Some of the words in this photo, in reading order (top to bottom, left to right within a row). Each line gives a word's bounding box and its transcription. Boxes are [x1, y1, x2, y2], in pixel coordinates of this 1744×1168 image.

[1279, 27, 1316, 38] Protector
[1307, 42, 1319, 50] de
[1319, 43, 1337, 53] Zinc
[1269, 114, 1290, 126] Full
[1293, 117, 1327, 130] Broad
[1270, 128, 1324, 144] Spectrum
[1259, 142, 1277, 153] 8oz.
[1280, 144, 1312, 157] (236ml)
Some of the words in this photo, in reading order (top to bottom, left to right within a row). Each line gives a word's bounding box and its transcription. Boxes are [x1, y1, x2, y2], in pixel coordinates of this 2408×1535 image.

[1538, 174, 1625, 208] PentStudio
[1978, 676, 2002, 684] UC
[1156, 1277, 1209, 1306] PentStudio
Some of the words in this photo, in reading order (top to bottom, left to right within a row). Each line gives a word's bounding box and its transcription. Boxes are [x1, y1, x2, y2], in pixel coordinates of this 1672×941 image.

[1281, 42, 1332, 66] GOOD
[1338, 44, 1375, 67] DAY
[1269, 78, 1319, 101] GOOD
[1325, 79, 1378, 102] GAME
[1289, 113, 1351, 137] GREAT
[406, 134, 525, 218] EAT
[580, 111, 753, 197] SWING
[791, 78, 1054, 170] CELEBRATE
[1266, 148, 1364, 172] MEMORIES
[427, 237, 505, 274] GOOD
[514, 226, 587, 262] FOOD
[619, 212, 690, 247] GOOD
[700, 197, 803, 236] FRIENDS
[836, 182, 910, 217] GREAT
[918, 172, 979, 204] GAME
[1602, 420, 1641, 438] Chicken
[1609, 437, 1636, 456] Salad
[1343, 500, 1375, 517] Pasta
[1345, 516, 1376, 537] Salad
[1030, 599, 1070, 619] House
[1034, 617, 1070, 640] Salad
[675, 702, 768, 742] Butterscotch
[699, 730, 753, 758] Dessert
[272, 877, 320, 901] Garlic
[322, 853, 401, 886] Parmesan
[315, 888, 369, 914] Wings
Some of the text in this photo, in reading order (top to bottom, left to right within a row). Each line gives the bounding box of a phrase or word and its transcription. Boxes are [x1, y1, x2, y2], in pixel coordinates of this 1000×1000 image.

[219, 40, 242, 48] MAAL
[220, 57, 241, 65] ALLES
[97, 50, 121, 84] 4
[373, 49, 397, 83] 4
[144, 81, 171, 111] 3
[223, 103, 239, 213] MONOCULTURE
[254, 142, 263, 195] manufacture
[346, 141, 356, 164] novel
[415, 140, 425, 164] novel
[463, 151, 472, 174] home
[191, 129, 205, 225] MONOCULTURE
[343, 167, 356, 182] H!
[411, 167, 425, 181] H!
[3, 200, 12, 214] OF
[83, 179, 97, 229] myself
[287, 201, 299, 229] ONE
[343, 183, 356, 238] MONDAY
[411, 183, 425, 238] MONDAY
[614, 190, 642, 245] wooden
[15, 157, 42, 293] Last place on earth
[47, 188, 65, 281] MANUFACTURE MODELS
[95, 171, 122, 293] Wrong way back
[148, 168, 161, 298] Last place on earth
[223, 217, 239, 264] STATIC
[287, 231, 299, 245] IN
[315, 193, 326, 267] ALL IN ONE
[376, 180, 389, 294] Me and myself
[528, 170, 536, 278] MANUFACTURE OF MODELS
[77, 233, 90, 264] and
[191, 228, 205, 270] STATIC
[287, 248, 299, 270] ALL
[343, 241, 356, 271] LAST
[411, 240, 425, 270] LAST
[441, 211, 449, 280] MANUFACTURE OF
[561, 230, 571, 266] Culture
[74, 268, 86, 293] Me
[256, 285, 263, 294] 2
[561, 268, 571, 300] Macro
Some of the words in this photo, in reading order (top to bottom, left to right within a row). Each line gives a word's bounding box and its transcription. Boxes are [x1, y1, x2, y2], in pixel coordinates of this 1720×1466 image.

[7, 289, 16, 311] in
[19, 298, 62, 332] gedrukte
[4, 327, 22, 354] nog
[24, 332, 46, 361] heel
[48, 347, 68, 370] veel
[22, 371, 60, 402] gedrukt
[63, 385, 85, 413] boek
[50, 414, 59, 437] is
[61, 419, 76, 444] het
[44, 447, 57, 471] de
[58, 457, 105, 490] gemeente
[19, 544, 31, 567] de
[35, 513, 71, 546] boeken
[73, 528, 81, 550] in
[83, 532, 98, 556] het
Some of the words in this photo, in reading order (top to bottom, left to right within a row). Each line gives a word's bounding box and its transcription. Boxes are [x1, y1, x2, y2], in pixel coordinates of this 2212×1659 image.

※

* _REQUIRED ACTION_:
Retype the entries word for word.

* _OUTPUT FOR THIS EXERCISE_:
Some of the words in this photo, in reading order (top to bottom, left to right within a row). Each line gives a word's bounding box and its transcription. Boxes are [x1, y1, x2, y2], in pixel coordinates of this 1744×1168 image.

[1279, 27, 1316, 38] Protector
[1307, 42, 1319, 50] de
[1319, 43, 1337, 53] Zinc
[1269, 114, 1290, 126] Full
[1293, 117, 1327, 130] Broad
[1270, 128, 1324, 144] Spectrum
[1259, 142, 1277, 153] 8oz.
[1280, 144, 1312, 157] (236ml)
Some of the words in this photo, in reading order (top to bottom, left to right within a row). Each line gives a word's bounding box and its transcription. Boxes are [x1, y1, x2, y2], in pixel coordinates of this 2408×1535 image.

[1538, 174, 1625, 208] PentStudio
[1978, 676, 2002, 684] UC
[1156, 1277, 1209, 1306] PentStudio
Some of the words in this photo, in reading order (top to bottom, left to right within a row). Each line gives a word's bounding box and its transcription. Boxes are [x1, y1, x2, y2], in pixel coordinates of this 1672×941 image.

[1281, 42, 1332, 66] GOOD
[1338, 44, 1375, 67] DAY
[1269, 78, 1319, 101] GOOD
[1325, 79, 1378, 102] GAME
[1289, 113, 1351, 137] GREAT
[406, 134, 525, 218] EAT
[580, 111, 753, 197] SWING
[791, 78, 1054, 170] CELEBRATE
[1266, 148, 1364, 172] MEMORIES
[427, 237, 505, 274] GOOD
[514, 226, 587, 262] FOOD
[619, 212, 690, 247] GOOD
[700, 197, 803, 236] FRIENDS
[836, 182, 910, 217] GREAT
[918, 172, 979, 204] GAME
[1602, 420, 1641, 438] Chicken
[1609, 437, 1636, 456] Salad
[1343, 500, 1375, 517] Pasta
[1345, 516, 1376, 537] Salad
[1030, 599, 1070, 619] House
[1034, 617, 1070, 640] Salad
[675, 702, 768, 742] Butterscotch
[699, 730, 753, 758] Dessert
[272, 877, 320, 901] Garlic
[322, 853, 401, 886] Parmesan
[315, 888, 369, 914] Wings
Some of the text in this photo, in reading order (top to bottom, left to right within a row). Each line gives the bounding box of a phrase or word and its transcription. Boxes are [x1, y1, x2, y2], in pixel coordinates of this 1000×1000 image.

[219, 40, 242, 48] MAAL
[220, 57, 241, 65] ALLES
[97, 50, 121, 84] 4
[373, 49, 397, 83] 4
[144, 81, 171, 111] 3
[223, 103, 239, 213] MONOCULTURE
[254, 142, 263, 195] manufacture
[346, 141, 356, 164] novel
[415, 140, 425, 164] novel
[463, 151, 472, 174] home
[191, 129, 205, 225] MONOCULTURE
[343, 167, 356, 182] H!
[411, 167, 425, 181] H!
[3, 200, 12, 214] OF
[83, 179, 97, 229] myself
[287, 201, 299, 229] ONE
[343, 183, 356, 238] MONDAY
[411, 183, 425, 238] MONDAY
[614, 190, 642, 245] wooden
[15, 157, 42, 293] Last place on earth
[47, 188, 65, 281] MANUFACTURE MODELS
[95, 171, 122, 293] Wrong way back
[148, 168, 161, 298] Last place on earth
[223, 217, 239, 264] STATIC
[287, 231, 299, 245] IN
[315, 193, 326, 267] ALL IN ONE
[376, 180, 389, 294] Me and myself
[528, 170, 536, 278] MANUFACTURE OF MODELS
[77, 233, 90, 264] and
[191, 228, 205, 270] STATIC
[287, 248, 299, 270] ALL
[343, 241, 356, 271] LAST
[411, 240, 425, 270] LAST
[441, 211, 449, 280] MANUFACTURE OF
[561, 230, 571, 266] Culture
[74, 268, 86, 293] Me
[256, 285, 263, 294] 2
[561, 268, 571, 300] Macro
Some of the words in this photo, in reading order (top to bottom, left to right within a row). Each line gives a word's bounding box and its transcription. Boxes are [x1, y1, x2, y2], in pixel coordinates of this 1720×1466 image.

[7, 289, 16, 311] in
[19, 298, 62, 332] gedrukte
[4, 327, 22, 354] nog
[24, 332, 46, 361] heel
[48, 347, 68, 370] veel
[22, 371, 60, 402] gedrukt
[63, 385, 85, 413] boek
[50, 414, 59, 437] is
[61, 419, 76, 444] het
[44, 447, 57, 471] de
[58, 457, 105, 490] gemeente
[19, 544, 31, 567] de
[35, 513, 71, 546] boeken
[73, 528, 81, 550] in
[83, 532, 98, 556] het
Some of the words in this photo, in reading order (top to bottom, left to right within a row). Each line gives a word's bounding box and its transcription. Boxes are [x1, y1, x2, y2], in pixel coordinates of this 2212×1659 image.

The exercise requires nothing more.